Every database has a way of making data easier & faster to find. This role is often fulfilled by indexes. Without them, every request would be like searching through a stack of papers one by one, hoping to stumble on the right page. With them, your queries can quickly jump over to the relevant results, going through compacted entries with only the data that the query cares about.

Indexes are not just an optimization; they’re fundamental to how RavenDB works. They shape how queries are executed and how well the system performs as your data grows. A well-designed index can make even complex queries return results almost instantly, whereas a poorly designed one can cause performance issues that impact the entire application.

Indexes in RavenDB

At their core, indexes are a method of organizing data to enable quick query responses. In a traditional sense, you can think of an index like the one at the back of a book: instead of reading every single page to find a keyword, you jump straight to the page numbers listed in the index.

In RavenDB, this concept is implemented using an inverted index. In addition to storing documents in their natural order, RavenDB builds a structure that flips the relationship between data and values. In a document, you might see:

ID: WonderlandEntities/1
Name: Alice

In the index, we use the value as a key. Then, we map document IDs to it, so you can see that as:

Name: Alice → appears in the document with ID ["WonderlandEntities/1"].

This reversal makes it efficient to find all documents that match a particular value, no matter how large your dataset grows.

When you create an index in RavenDB, you’re essentially telling the database:
“These are the fields I care about, and I want to be able to query the documents using these fields fast.”

RavenDB then preprocesses your documents, extracts the relevant fields, and stores them in this inverted index. That way, when a query runs, RavenDB doesn’t need to scan every document; it simply checks the prepared tables or creates this table as an auto index. While auto indexes might be sufficient in most situations, static indexes written by hand give you more control over how they work.

However, you can make mistakes while creating your own static indexes and not be aware of them. Those problems can create performance issues, increasing memory/storage consumption, which slows down your RavenDB. Let’s look into those common problems.

Indexing all fields

Let's start with the basics. In our recent article (“Projections & Performance”) we mentioned that you should only include the required fields that you will be searching by.

Some developers tend to put all fields in a single index when it is still in development, without considering which parts are truly necessary for filtering or sorting. After that, the developer should ask an important question: “Do I really need all these fields?” The answer is often ‘No’.

Indexing all fields can bloat the index, increase I/O, and slow down queries. Indexing all fields would allow us to query any combination of field values.

However, this comes with a serious downside: the index must process every field and keep this processed data.
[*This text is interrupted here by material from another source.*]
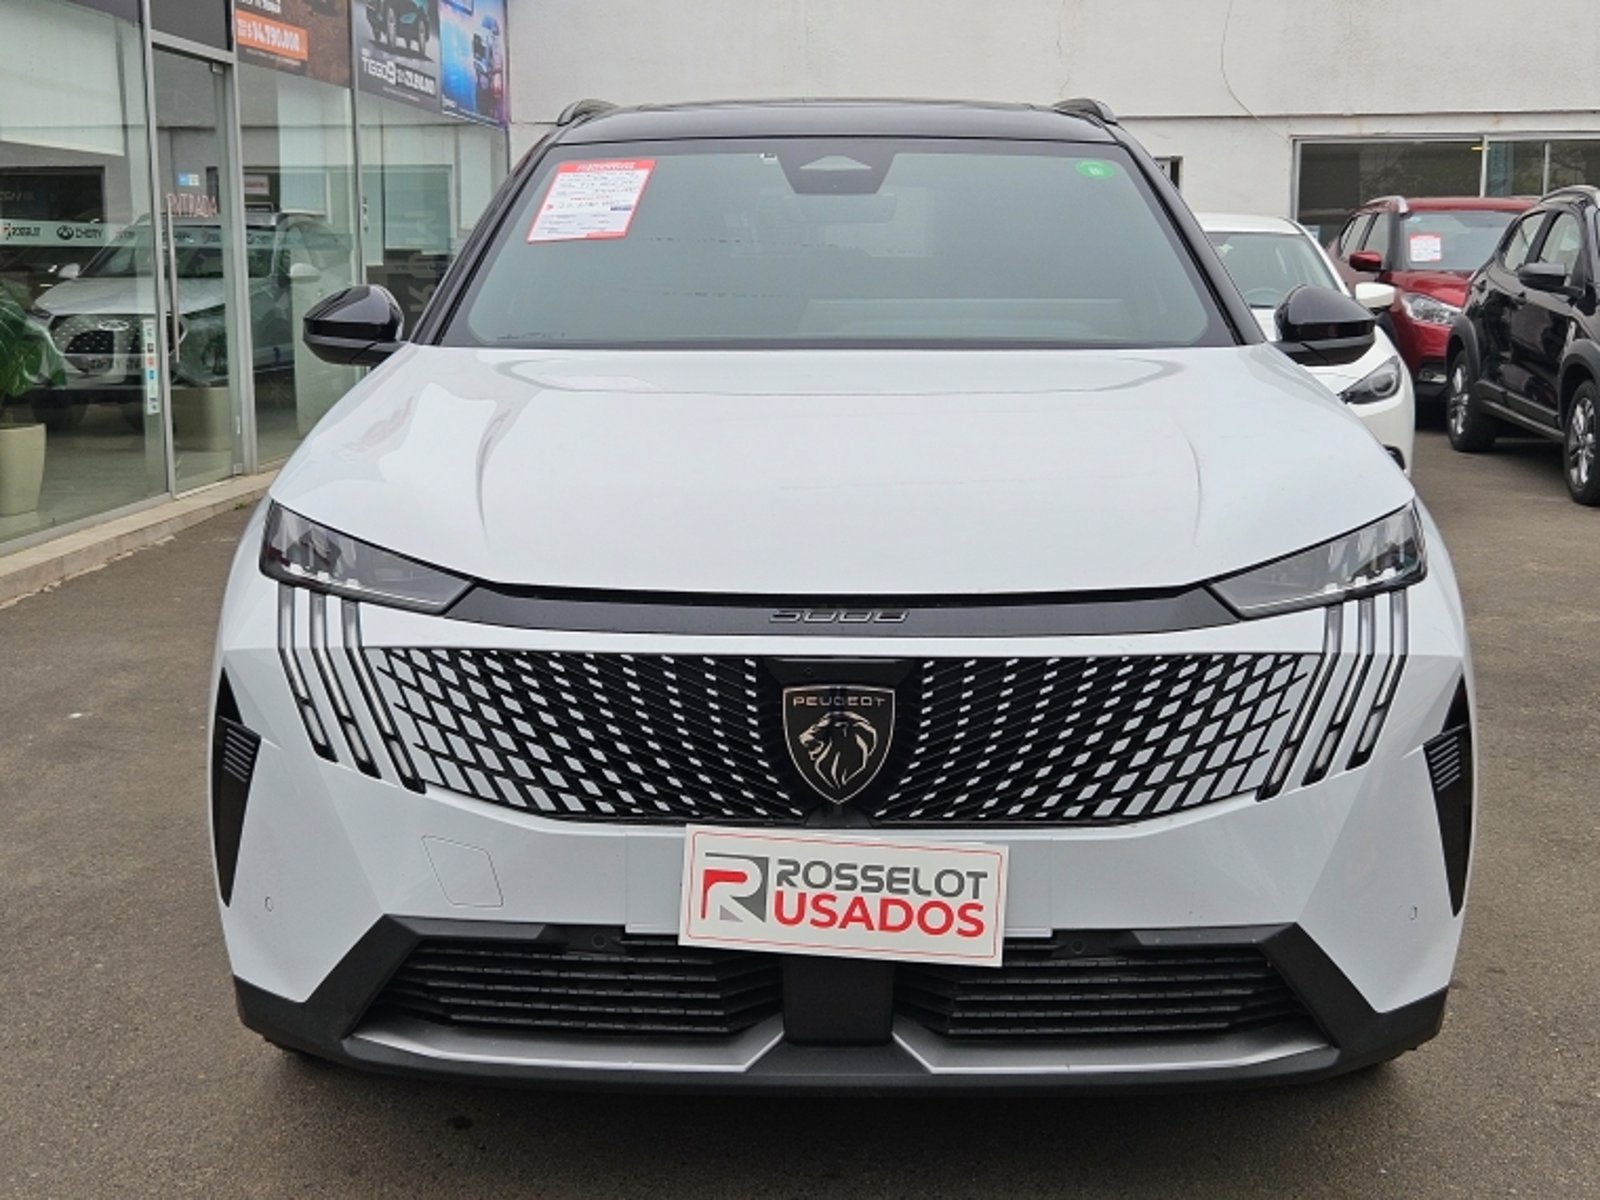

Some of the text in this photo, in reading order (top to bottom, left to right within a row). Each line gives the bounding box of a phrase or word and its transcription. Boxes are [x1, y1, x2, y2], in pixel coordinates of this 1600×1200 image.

In practice, queries rarely need to filter by every field in the document. Usually, you’ll use one or two, for example:

from order in docs.Orders
where order.UserId = "User/1"
limit 10

If you really need to index all fields for different queries, it’s better to do so with a single index that includes only the required fields, and keep queries simple. A single index will do the work more efficiently and should cost less memory and storage, which differentiates RavenDB from most other DBs.
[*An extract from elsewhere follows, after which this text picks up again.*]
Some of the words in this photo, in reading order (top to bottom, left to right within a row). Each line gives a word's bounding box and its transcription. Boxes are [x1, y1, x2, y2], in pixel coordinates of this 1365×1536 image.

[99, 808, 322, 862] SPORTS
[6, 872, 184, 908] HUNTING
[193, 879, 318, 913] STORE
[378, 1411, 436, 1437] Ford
Indexing fields to retrieve data

The first rule of good indexes is to keep them slim. You don't add all the document fields! The only ones that are needed are the ones you'll query by, so keep this number small.
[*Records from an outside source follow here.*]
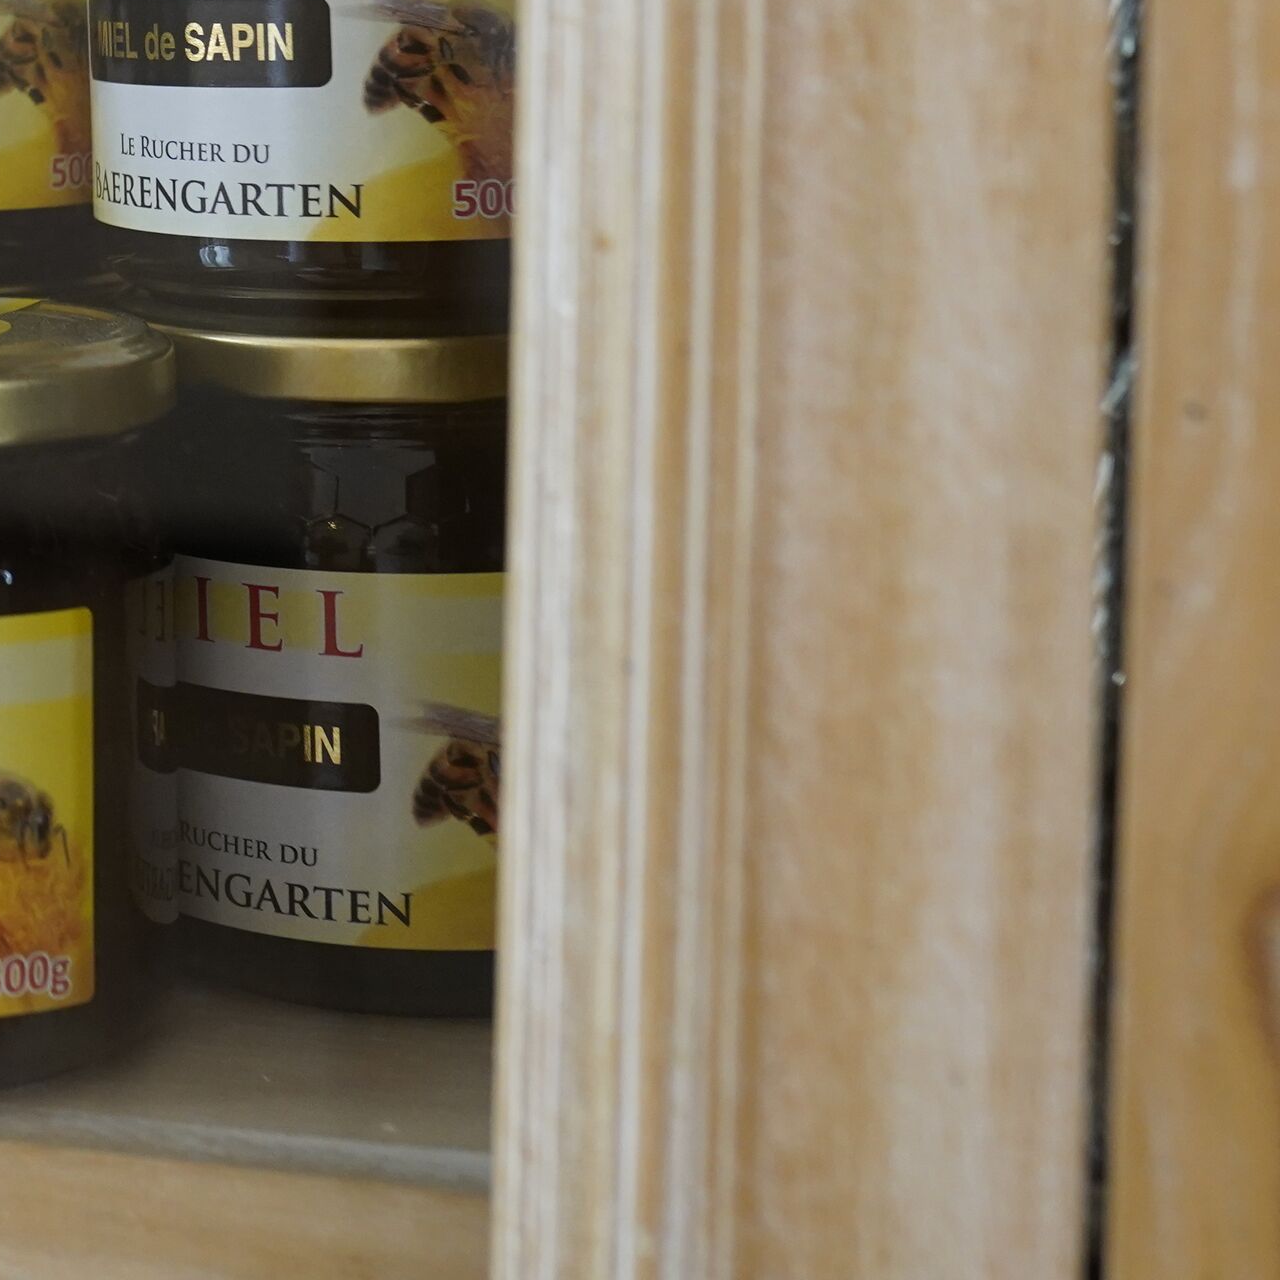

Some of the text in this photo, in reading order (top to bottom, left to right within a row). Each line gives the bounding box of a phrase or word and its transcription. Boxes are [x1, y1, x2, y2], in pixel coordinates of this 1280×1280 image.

[96, 21, 295, 62] MIEL de SAPIN
[120, 132, 271, 164] LE RUCHER DU
[49, 154, 91, 189] 50
[95, 161, 364, 219] BAERENGARTEN
[453, 179, 514, 219] 50
[195, 576, 364, 658] IEL
[178, 821, 319, 868] RUCHER DU
[178, 859, 413, 928] ENGARTEN
The cost of indexing is proportional to the number of fields that are being indexed. You don’t need to include any fields in your index just to retrieve them later. If you need just a few fields from the documents retrieved by the query, RavenDB will take care of it using projections. You just specify what fields you need.

Storing too many fields

Storing fields in RavenDB basically means keeping certain data from your indexed fields inside the index itself, so it's available without having to load the entire document when you run queries. Sounds great, right? Faster queries, quick access, maybe even storing transformed values, but there’s a catch. It comes at a cost in bigger indexes, more I/O, and slower index creation.

This is why you don’t just mark every field as “stored” thinking it’ll make everything fast. The more fields you store, the heavier your indexes get, and the less truly fast your queries become. Store only what you really need for quick access or query efficiency. Making all fields ‘fast’ makes none truly fast.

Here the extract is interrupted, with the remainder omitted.